● **ASSIGNMENT**:
With images excluded, write out each entry below exactly as given.

● **INPUT RECORDS**:
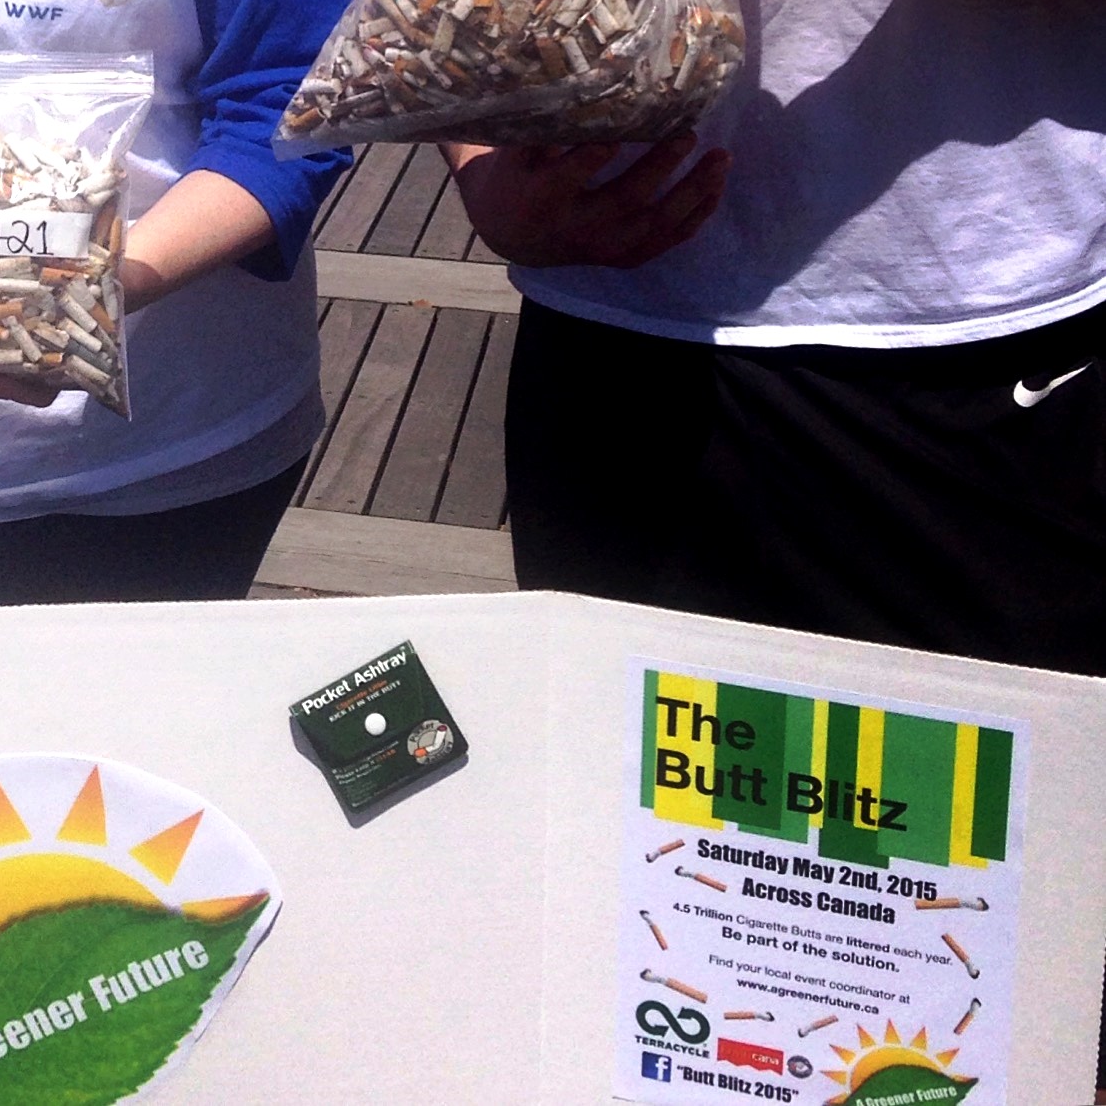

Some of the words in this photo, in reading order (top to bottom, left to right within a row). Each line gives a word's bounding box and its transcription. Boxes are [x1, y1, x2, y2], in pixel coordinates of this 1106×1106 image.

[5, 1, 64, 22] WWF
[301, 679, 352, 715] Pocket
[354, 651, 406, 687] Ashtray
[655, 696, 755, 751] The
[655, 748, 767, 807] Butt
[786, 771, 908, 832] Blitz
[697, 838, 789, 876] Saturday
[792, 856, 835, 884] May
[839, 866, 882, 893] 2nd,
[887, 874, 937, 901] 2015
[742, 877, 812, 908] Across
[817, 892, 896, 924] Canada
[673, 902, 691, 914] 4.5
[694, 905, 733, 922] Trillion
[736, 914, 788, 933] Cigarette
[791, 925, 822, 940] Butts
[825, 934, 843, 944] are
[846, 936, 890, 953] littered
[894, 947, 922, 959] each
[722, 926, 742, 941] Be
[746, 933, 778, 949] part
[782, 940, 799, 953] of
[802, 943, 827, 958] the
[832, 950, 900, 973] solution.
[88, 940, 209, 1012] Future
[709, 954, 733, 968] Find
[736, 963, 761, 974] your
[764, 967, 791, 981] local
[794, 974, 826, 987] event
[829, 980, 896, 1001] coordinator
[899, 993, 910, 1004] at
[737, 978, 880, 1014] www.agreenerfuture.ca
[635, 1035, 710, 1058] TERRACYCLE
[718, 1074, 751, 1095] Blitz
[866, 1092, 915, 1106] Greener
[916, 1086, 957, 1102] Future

● **WRITTEN ANSWER**:
Some of the words in this photo, in reading order (top to bottom, left to right within a row). Each line gives a word's bounding box and its transcription. Boxes are [x1, y1, x2, y2], in pixel coordinates of this 1106×1106 image.

[5, 1, 64, 22] WWF
[301, 679, 352, 715] Pocket
[354, 651, 406, 687] Ashtray
[655, 696, 755, 751] The
[655, 748, 767, 807] Butt
[786, 771, 908, 832] Blitz
[697, 838, 789, 876] Saturday
[792, 856, 835, 884] May
[839, 866, 882, 893] 2nd,
[887, 874, 937, 901] 2015
[742, 877, 812, 908] Across
[817, 892, 896, 924] Canada
[673, 902, 691, 914] 4.5
[694, 905, 733, 922] Trillion
[736, 914, 788, 933] Cigarette
[791, 925, 822, 940] Butts
[825, 934, 843, 944] are
[846, 936, 890, 953] littered
[894, 947, 922, 959] each
[722, 926, 742, 941] Be
[746, 933, 778, 949] part
[782, 940, 799, 953] of
[802, 943, 827, 958] the
[832, 950, 900, 973] solution.
[88, 940, 209, 1012] Future
[709, 954, 733, 968] Find
[736, 963, 761, 974] your
[764, 967, 791, 981] local
[794, 974, 826, 987] event
[829, 980, 896, 1001] coordinator
[899, 993, 910, 1004] at
[737, 978, 880, 1014] www.agreenerfuture.ca
[635, 1035, 710, 1058] TERRACYCLE
[718, 1074, 751, 1095] Blitz
[866, 1092, 915, 1106] Greener
[916, 1086, 957, 1102] Future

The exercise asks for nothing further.